What to produce: Restate every line below word for word, but drop each picture.

(Stored data entries)
#####

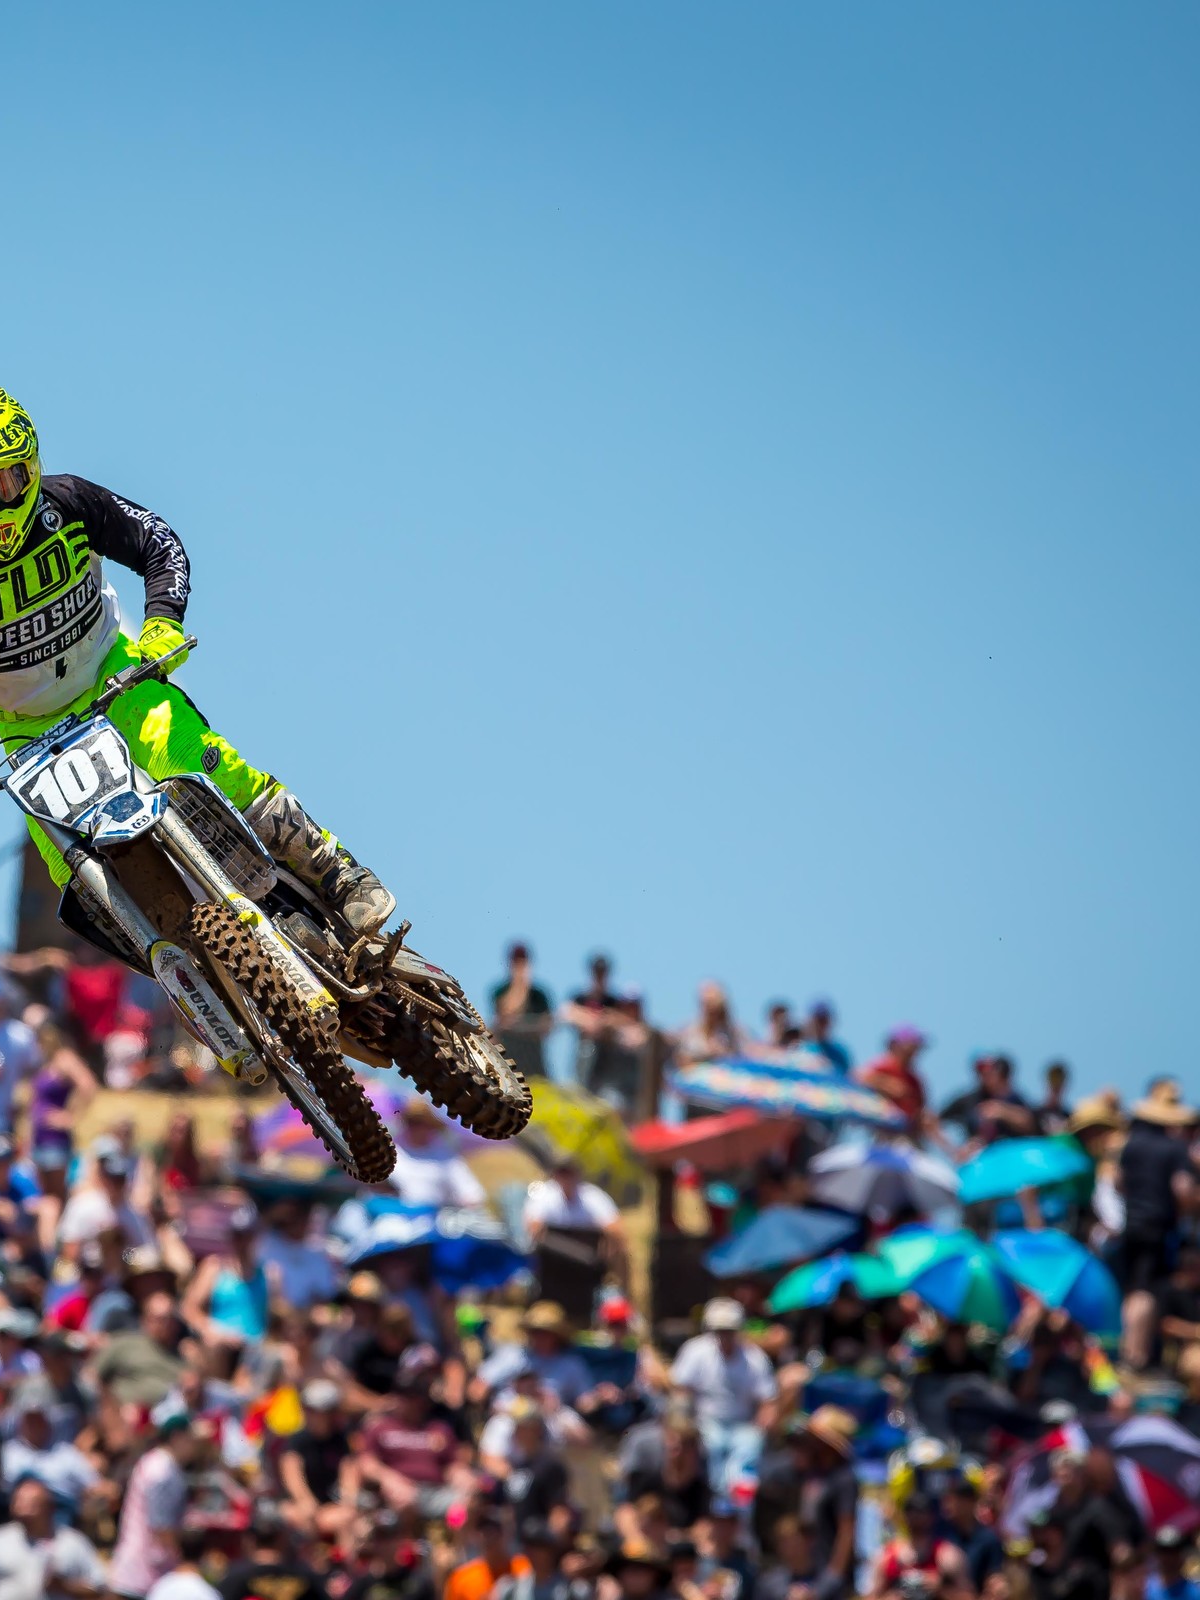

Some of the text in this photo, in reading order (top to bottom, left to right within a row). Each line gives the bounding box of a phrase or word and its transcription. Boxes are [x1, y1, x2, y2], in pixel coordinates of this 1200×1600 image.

[51, 575, 97, 628] SHOP
[20, 624, 82, 665] SINCE 1981
[29, 729, 128, 821] 101
[177, 974, 240, 1050] DUNLOP

#####

Answer:
Some of the text in this photo, in reading order (top to bottom, left to right within a row). Each line gives the bounding box of a phrase or word and its transcription. Boxes are [x1, y1, x2, y2], in pixel coordinates of this 1200×1600 image.

[51, 575, 97, 628] SHOP
[20, 624, 82, 665] SINCE 1981
[29, 729, 128, 821] 101
[177, 974, 240, 1050] DUNLOP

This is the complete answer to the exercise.